Samuel Sutphin

Samuel Sutphin’s illustrious military career participating in the Revolutionary War was one that demonstrated the dedication and commitment of Patriots of Color to secure their legacy, and what was owed to them, despite the setbacks of their enslaved status and the failures of their masters and the federal government. Sutphin, a Black man, was born into enslavement on January 1, 1747, in the New Jersey county of Hunterdon,1 according to his master Guisbert Bogart’s2 Bible.3 In 1775, Bogart sold Sutphin to his neighbor, Casper Berger.4 This transaction came about because Berger had decided to quit the war after approximately one month of service working as a stonemason.5 Since he knew that it was legal to grant an able-bodied replacement for militia service, he had inquired to Bogart about purchasing Sutphin. As an unwilling enslaved soldier would be rejected, Berger made a deal with Sutphin to free him at the end of the Revolutionary War if he agreed to fight in Berger’s place.6 In reflecting upon his decision to serve, Sutphin is said to have declared that he “believed the white man’s word, hoping to be free when the fight was over. I took no paper to show the bargain, but trusted to my master.”7

Sutphin would end up serving in a number of tours in the Continental militia.8 Between the years of 1776 and 1778, Sutphin signed up to join the military on eight separate occasions, participating in some of the most important military battles of the early war.9 On his first tour, Sutphin and other soldiers were marched through Bound Brook, Scotch Plains, Newark and, last, to Communipaw in Bergen County (Jersey City).10

In a second tour, Sutphin participated in the Battle of Long Island (August 1776) when the British routed Washington’s army in Brooklyn.11 Sutphin had managed to escape on a small boat to Staten Island, taking three days to return home.12 Later, Sutphin was stationed at Communipaw again, then Readington, Princeton, and Rocky Hill.13 He also received accolades for his duties. During his fourth tour, Sutphin captured a soldier and received a gun from “General Dickinson” as recognition of his services.14

Sources

Judith L. Van Buskirk, Standing in Their Own Light: African American Patriots in the American Revolution (Norman, OK: University of Oklahoma Press, 2017), 213.

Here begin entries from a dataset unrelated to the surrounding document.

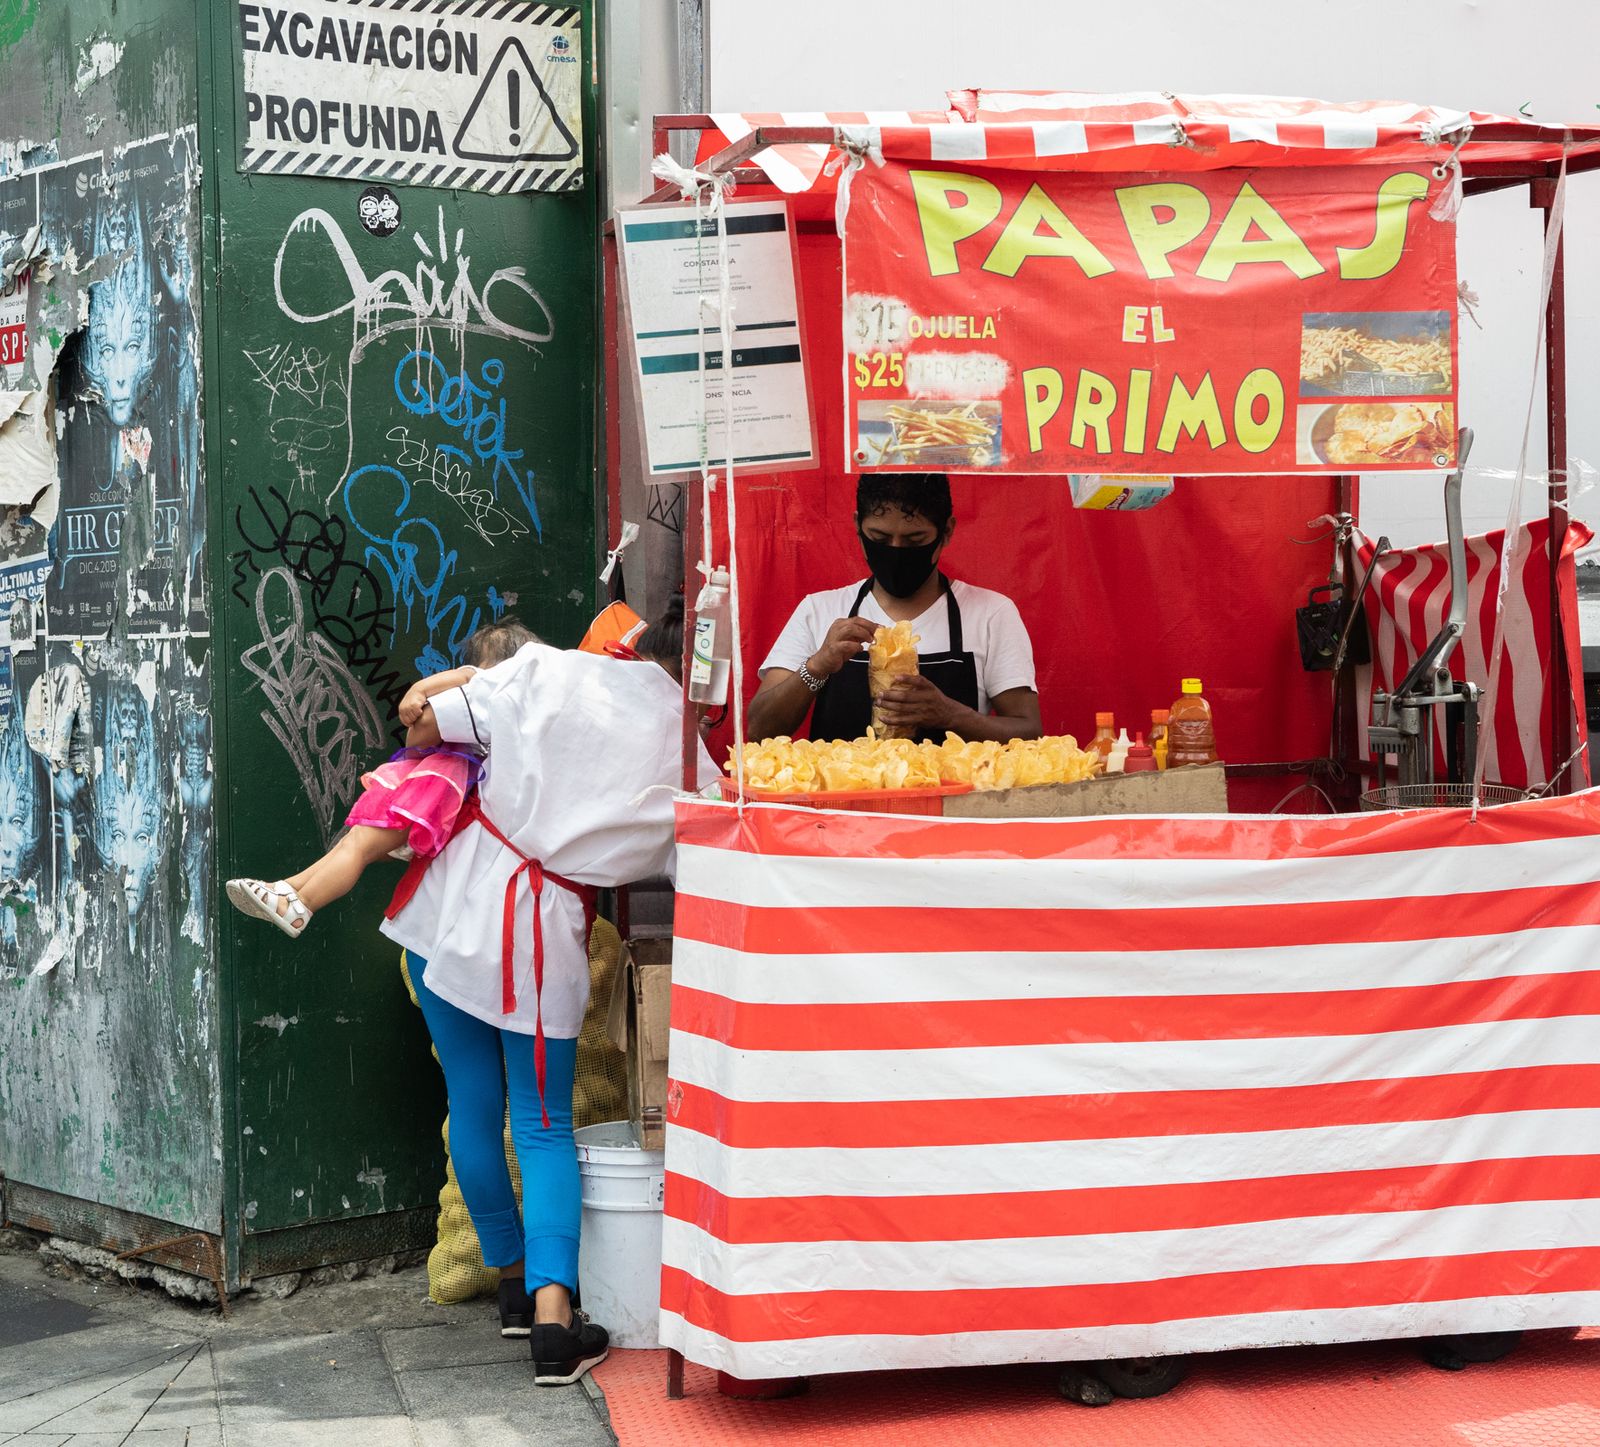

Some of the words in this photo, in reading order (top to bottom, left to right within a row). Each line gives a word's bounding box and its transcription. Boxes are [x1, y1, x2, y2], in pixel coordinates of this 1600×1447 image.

[241, 4, 478, 76] EXCAVACIÓN
[244, 92, 447, 155] PROFUNDA
[908, 169, 1430, 282] PAPAS
[683, 257, 736, 268] CONSTAA
[1122, 305, 1175, 343] EL
[854, 352, 904, 391] $25
[705, 389, 752, 400] ONSNCIA
[1022, 367, 1286, 454] PRIMO
[89, 491, 107, 503] SOLO
[67, 513, 100, 551] HR
[105, 506, 181, 549] GER

“Decision Activity: Samuel Sutphen, Hunterdon County, NJ, 1778, 1832,” NJCSS: Social Studies online, March 22, 2022, https://teachingsocialstudies.org/2022/03/22/decision-activity-samuel-sutphen-hunterdon-county-nj-1778-1832/.

Judith L. Van Buskirk, Standing in Their Own Light: African American Patriots in the American Revolution, 213.

Judith L. Van Buskirk, Standing in Their Own Light: African American Patriots in the American Revolution, 213.

“Decision Activity: Samuel Sutphen, Hunterdon County, NJ, 1778, 1832,” NJCSS: Social Studies online, https://teachingsocialstudies.org/2022/03/22/decision-activity-samuel-sutphen-hunterdon-county-nj-1778-1832/.

“Decision Activity: Samuel Sutphen, Hunterdon County, NJ, 1778, 1832,” NJCSS: Social Studies online, https://teachingsocialstudies.org/2022/03/22/decision-activity-samuel-sutphen-hunterdon-county-nj-1778-1832/.

“Decision Activity: Samuel Sutphen, Hunterdon County, NJ, 1778, 1832,” NJCSS: Social Studies online, https://teachingsocialstudies.org/2022/03/22/decision-activity-samuel-sutphen-hunterdon-county-nj-1778-1832/.

Rick Geffken, “Dutch and English Expansion of Slavery into Somerset County,” in Stories of Slavery in New Jersey (Charleston, SC: The History Press, 2021), 132.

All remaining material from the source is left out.